**TASK BRIEF:** Reproduce all the lines below exactly and omit the images.

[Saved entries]

-- Opening Marker --

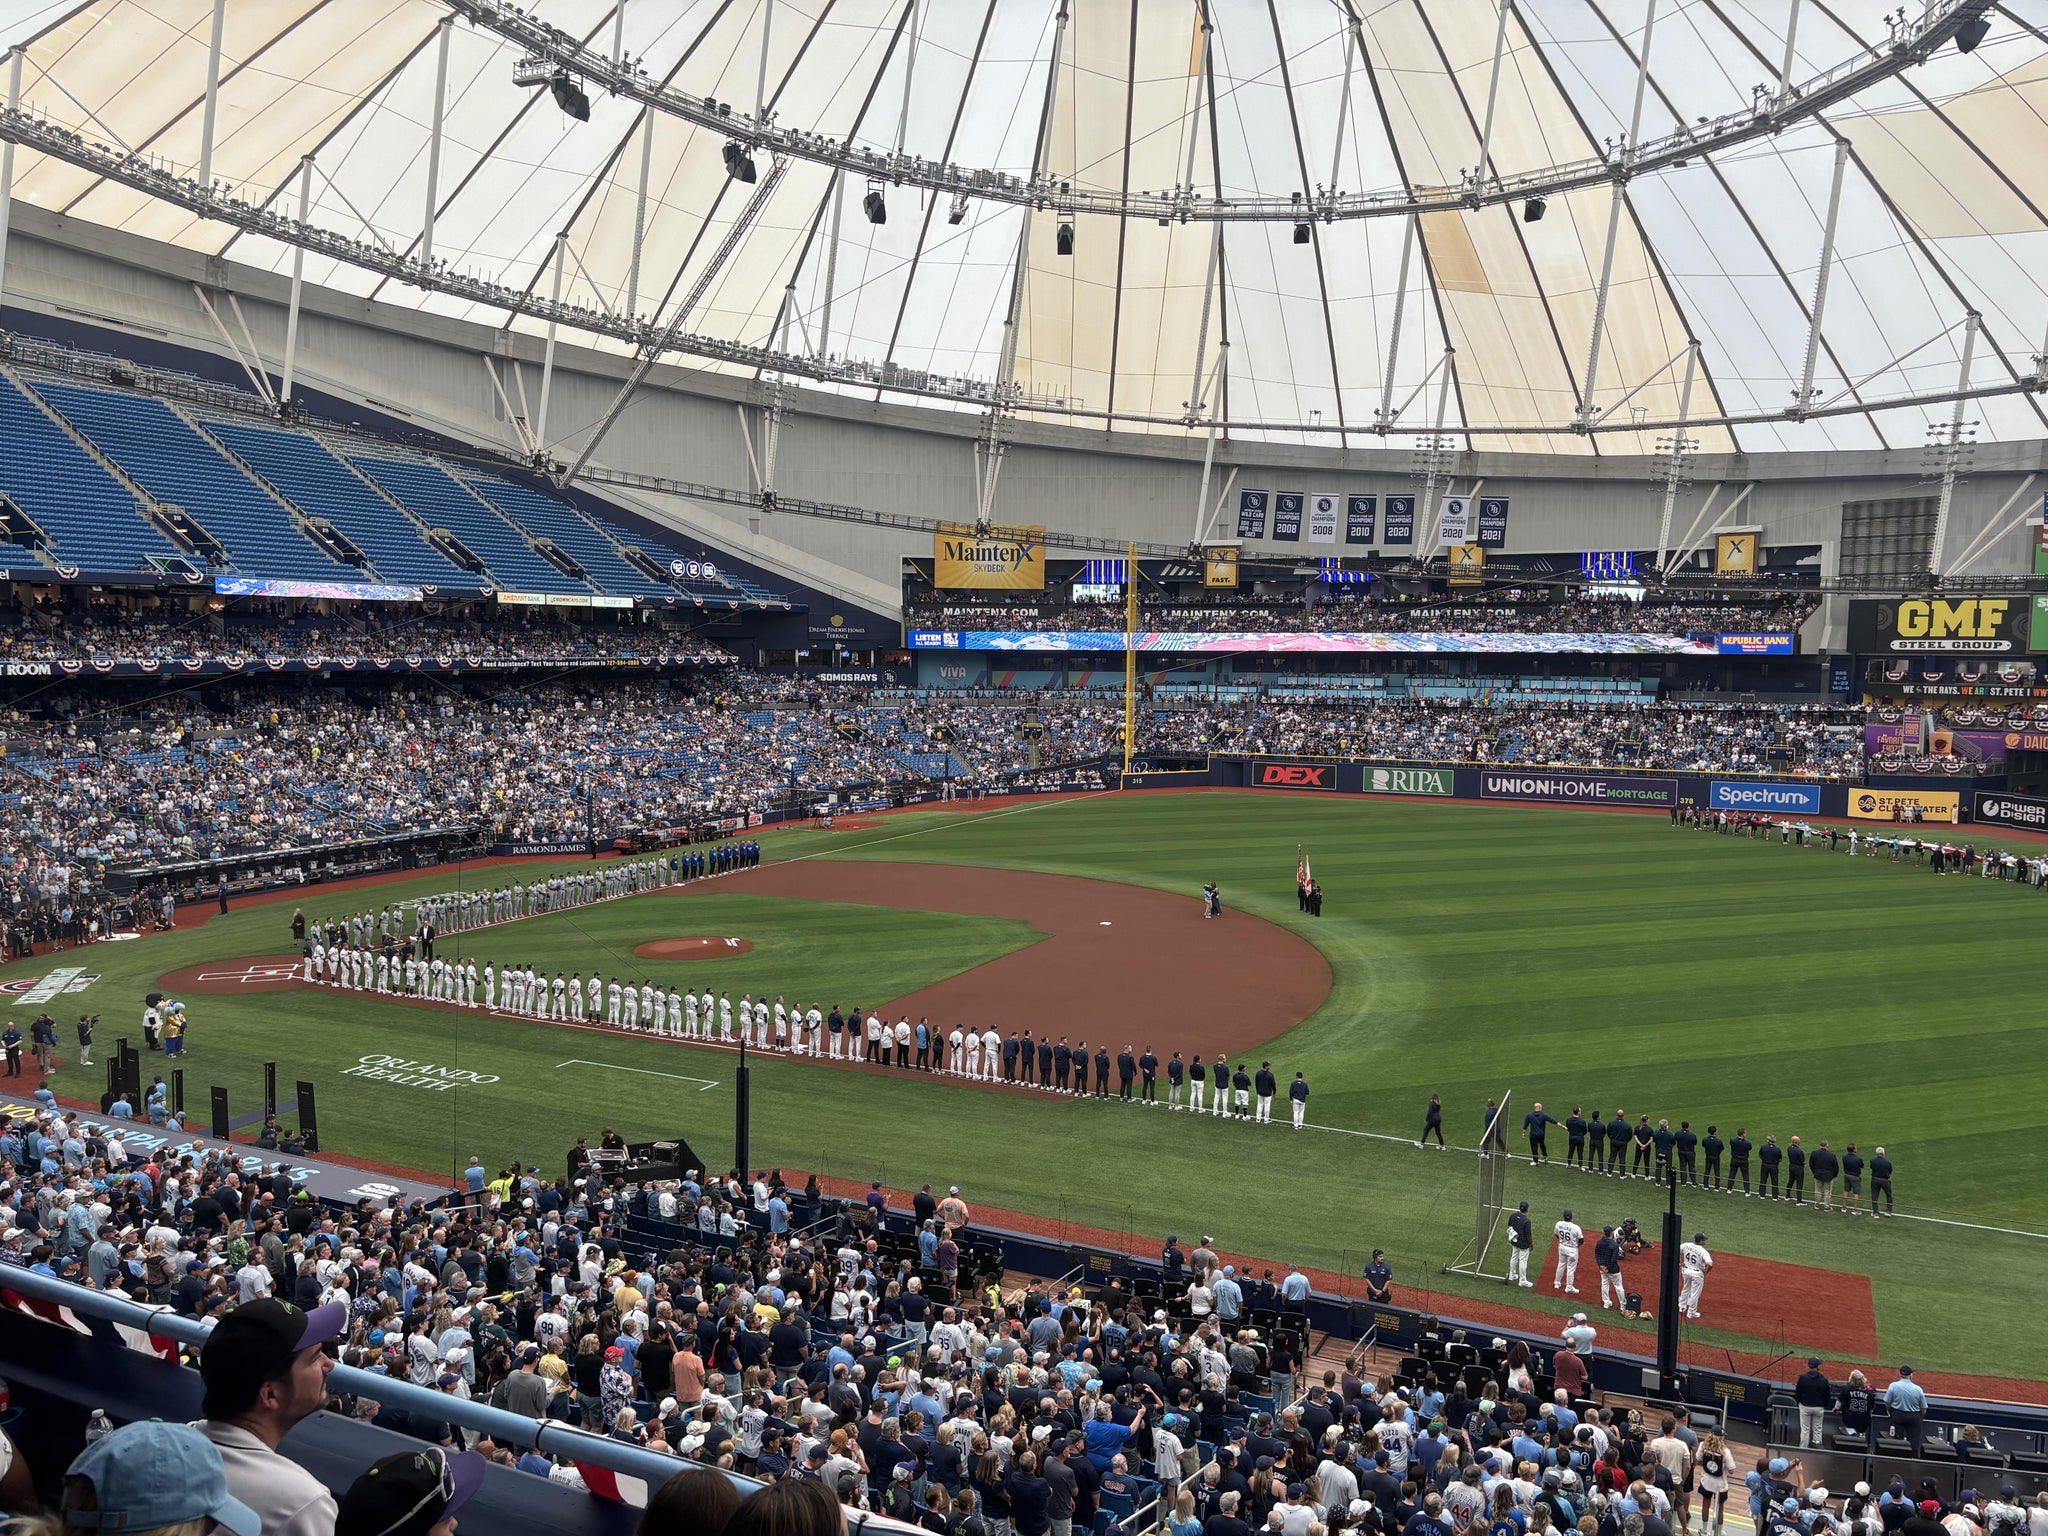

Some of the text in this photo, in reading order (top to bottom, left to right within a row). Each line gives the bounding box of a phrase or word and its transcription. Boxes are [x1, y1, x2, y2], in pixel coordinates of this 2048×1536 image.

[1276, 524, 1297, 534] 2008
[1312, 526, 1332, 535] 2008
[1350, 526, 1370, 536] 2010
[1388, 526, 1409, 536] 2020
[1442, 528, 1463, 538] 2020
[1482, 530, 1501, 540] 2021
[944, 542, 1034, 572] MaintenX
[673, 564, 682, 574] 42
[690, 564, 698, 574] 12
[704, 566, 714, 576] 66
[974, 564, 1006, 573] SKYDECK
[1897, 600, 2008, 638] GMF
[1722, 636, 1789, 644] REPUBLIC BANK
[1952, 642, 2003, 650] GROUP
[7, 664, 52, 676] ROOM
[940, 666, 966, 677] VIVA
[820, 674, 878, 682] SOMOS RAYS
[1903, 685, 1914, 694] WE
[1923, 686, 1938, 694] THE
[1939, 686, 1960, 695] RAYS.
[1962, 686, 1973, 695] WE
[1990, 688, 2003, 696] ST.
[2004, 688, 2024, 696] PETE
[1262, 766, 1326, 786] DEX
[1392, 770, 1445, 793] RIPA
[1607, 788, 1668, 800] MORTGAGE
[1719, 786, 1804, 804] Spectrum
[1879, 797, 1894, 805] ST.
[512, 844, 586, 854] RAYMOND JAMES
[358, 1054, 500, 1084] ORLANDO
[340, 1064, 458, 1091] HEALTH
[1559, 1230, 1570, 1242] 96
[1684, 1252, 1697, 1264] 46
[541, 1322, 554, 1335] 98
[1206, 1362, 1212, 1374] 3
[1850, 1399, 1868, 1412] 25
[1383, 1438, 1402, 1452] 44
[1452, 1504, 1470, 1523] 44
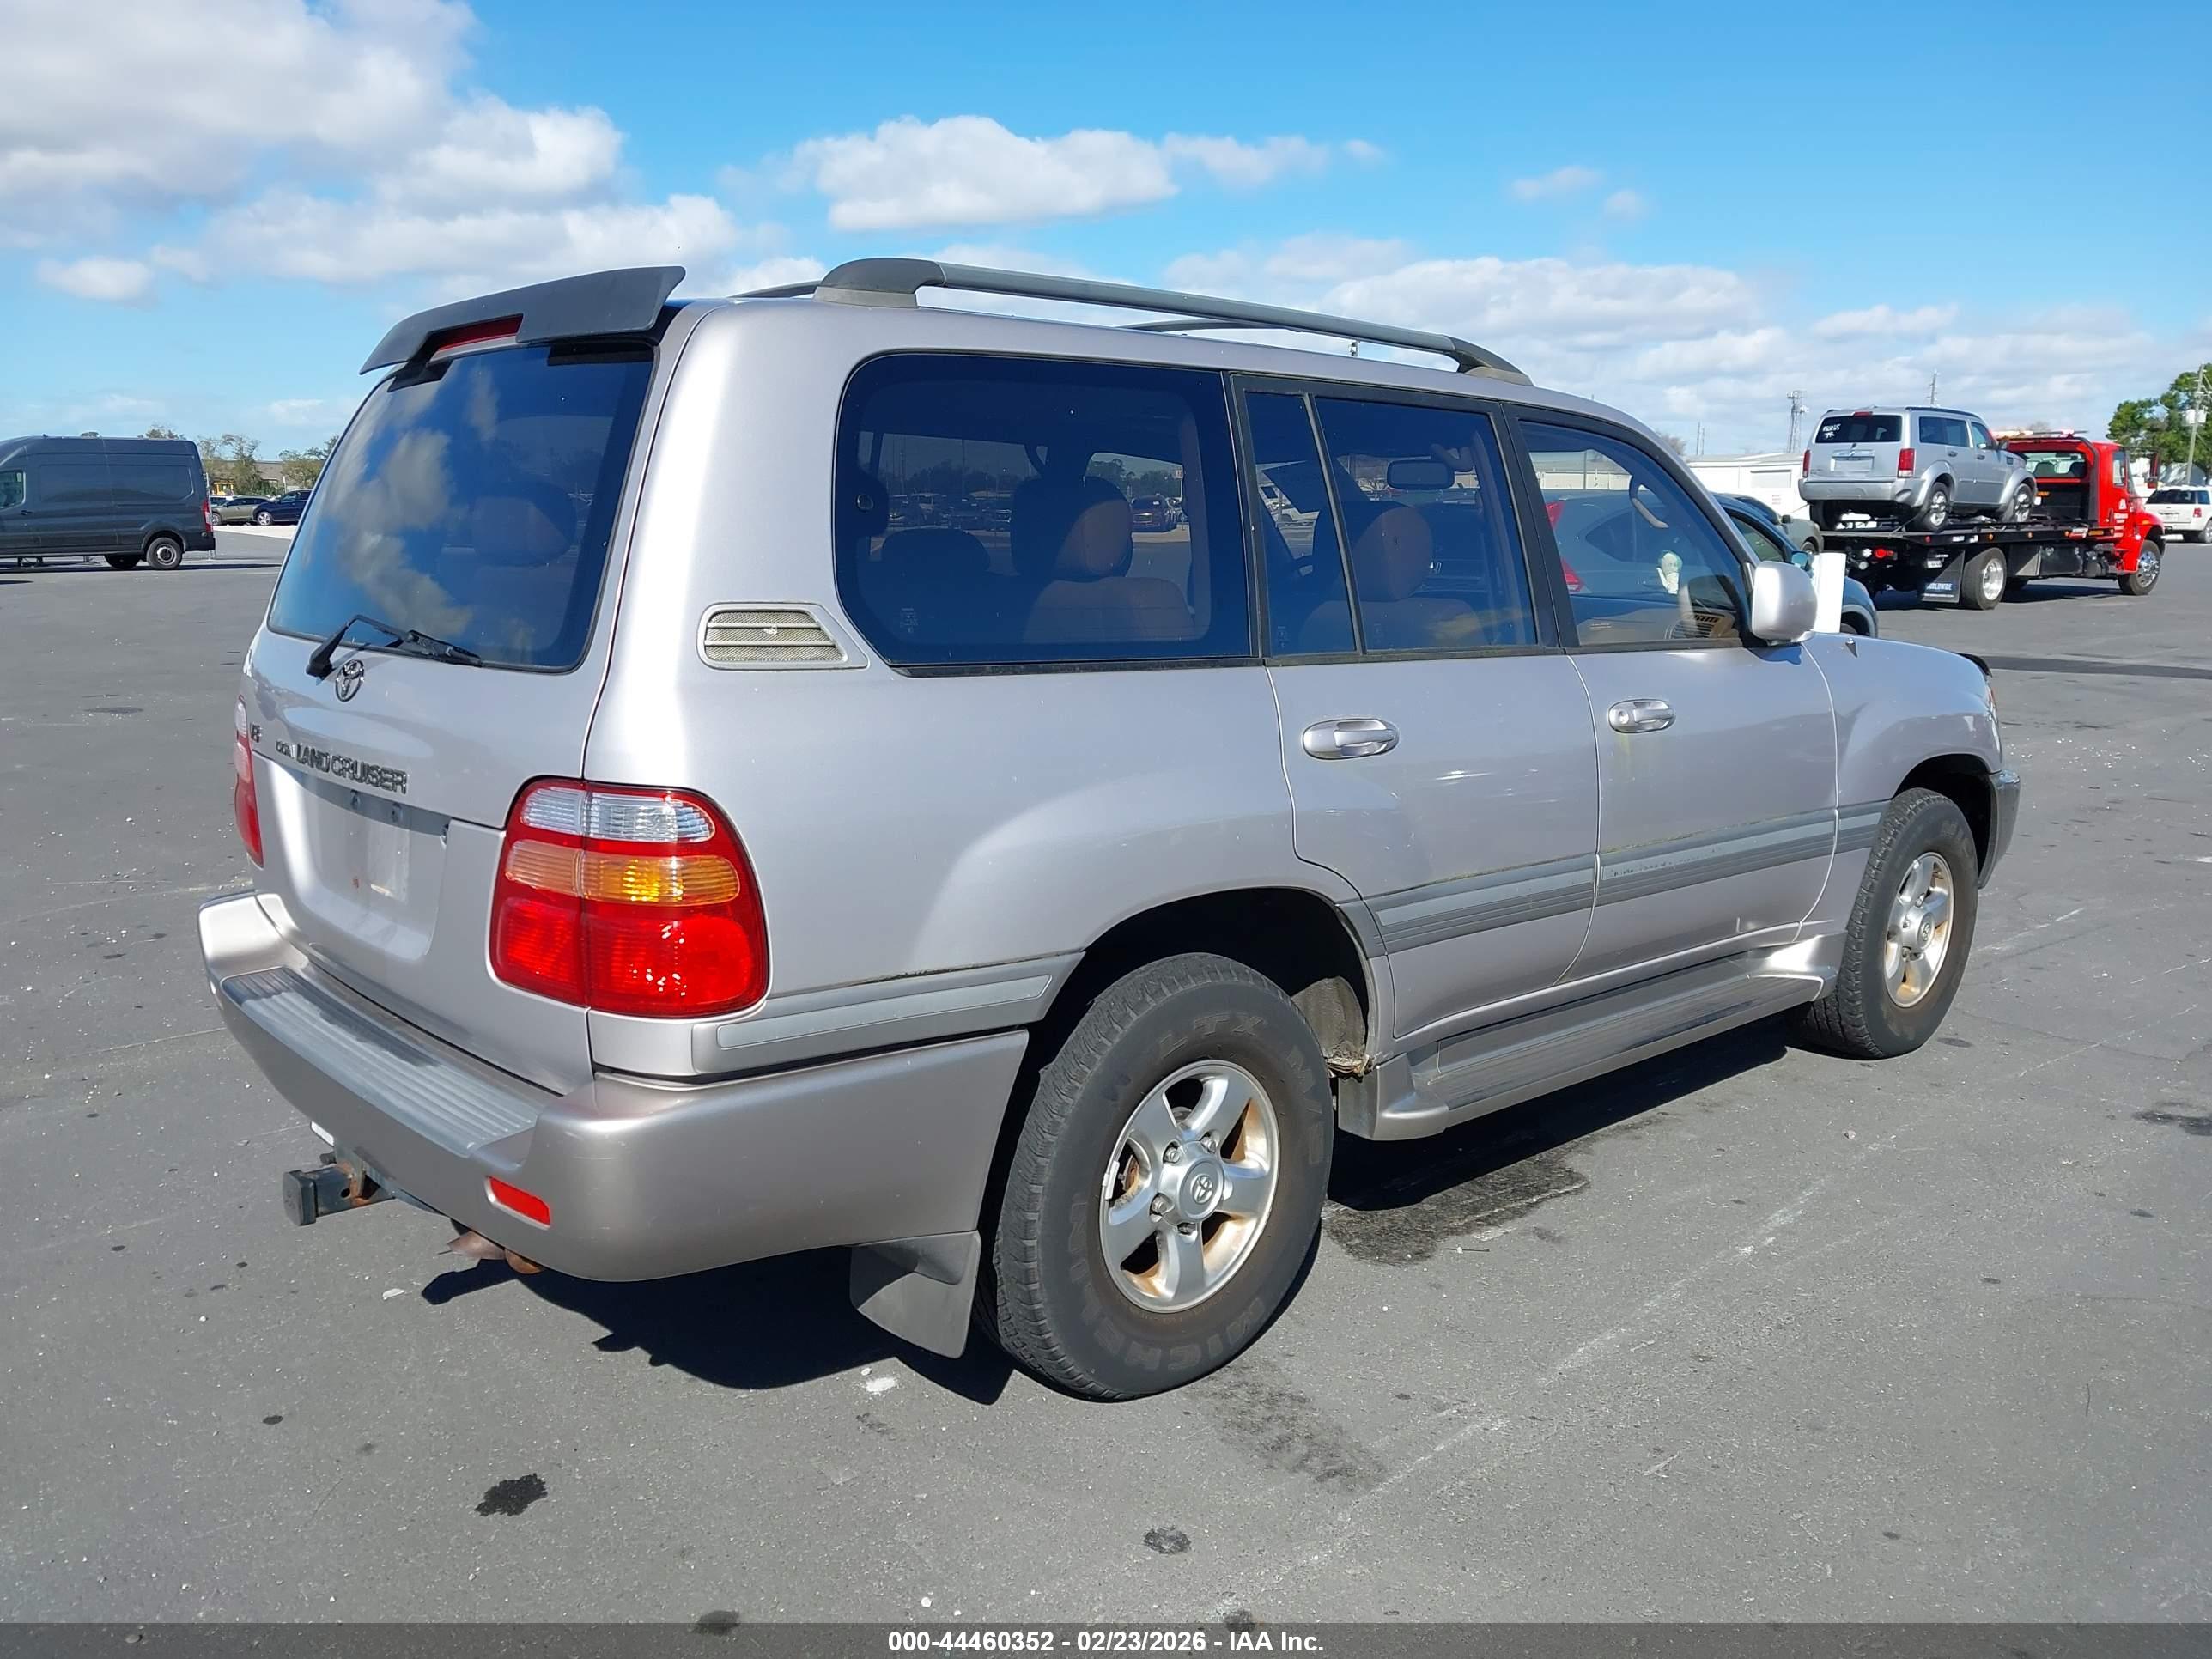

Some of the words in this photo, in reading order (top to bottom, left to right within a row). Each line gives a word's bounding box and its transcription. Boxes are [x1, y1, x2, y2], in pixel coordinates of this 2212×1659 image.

-- Closing Marker --

**EXERCISE ANSWER:**
Some of the text in this photo, in reading order (top to bottom, left to right within a row). Each line gives the bounding box of a phrase or word and its transcription. Boxes are [x1, y1, x2, y2], in pixel coordinates of this 2048×1536 image.

[1276, 524, 1297, 534] 2008
[1312, 526, 1332, 535] 2008
[1350, 526, 1370, 536] 2010
[1388, 526, 1409, 536] 2020
[1442, 528, 1463, 538] 2020
[1482, 530, 1501, 540] 2021
[944, 542, 1034, 572] MaintenX
[673, 564, 682, 574] 42
[690, 564, 698, 574] 12
[704, 566, 714, 576] 66
[974, 564, 1006, 573] SKYDECK
[1897, 600, 2008, 638] GMF
[1722, 636, 1789, 644] REPUBLIC BANK
[1952, 642, 2003, 650] GROUP
[7, 664, 52, 676] ROOM
[940, 666, 966, 677] VIVA
[820, 674, 878, 682] SOMOS RAYS
[1903, 685, 1914, 694] WE
[1923, 686, 1938, 694] THE
[1939, 686, 1960, 695] RAYS.
[1962, 686, 1973, 695] WE
[1990, 688, 2003, 696] ST.
[2004, 688, 2024, 696] PETE
[1262, 766, 1326, 786] DEX
[1392, 770, 1445, 793] RIPA
[1607, 788, 1668, 800] MORTGAGE
[1719, 786, 1804, 804] Spectrum
[1879, 797, 1894, 805] ST.
[512, 844, 586, 854] RAYMOND JAMES
[358, 1054, 500, 1084] ORLANDO
[340, 1064, 458, 1091] HEALTH
[1559, 1230, 1570, 1242] 96
[1684, 1252, 1697, 1264] 46
[541, 1322, 554, 1335] 98
[1206, 1362, 1212, 1374] 3
[1850, 1399, 1868, 1412] 25
[1383, 1438, 1402, 1452] 44
[1452, 1504, 1470, 1523] 44

Some of the words in this photo, in reading order (top to bottom, left to right within a row). Each line gives a word's bounding box and its transcription. Boxes are [x1, y1, x2, y2], in pixel coordinates of this 2212×1659 image.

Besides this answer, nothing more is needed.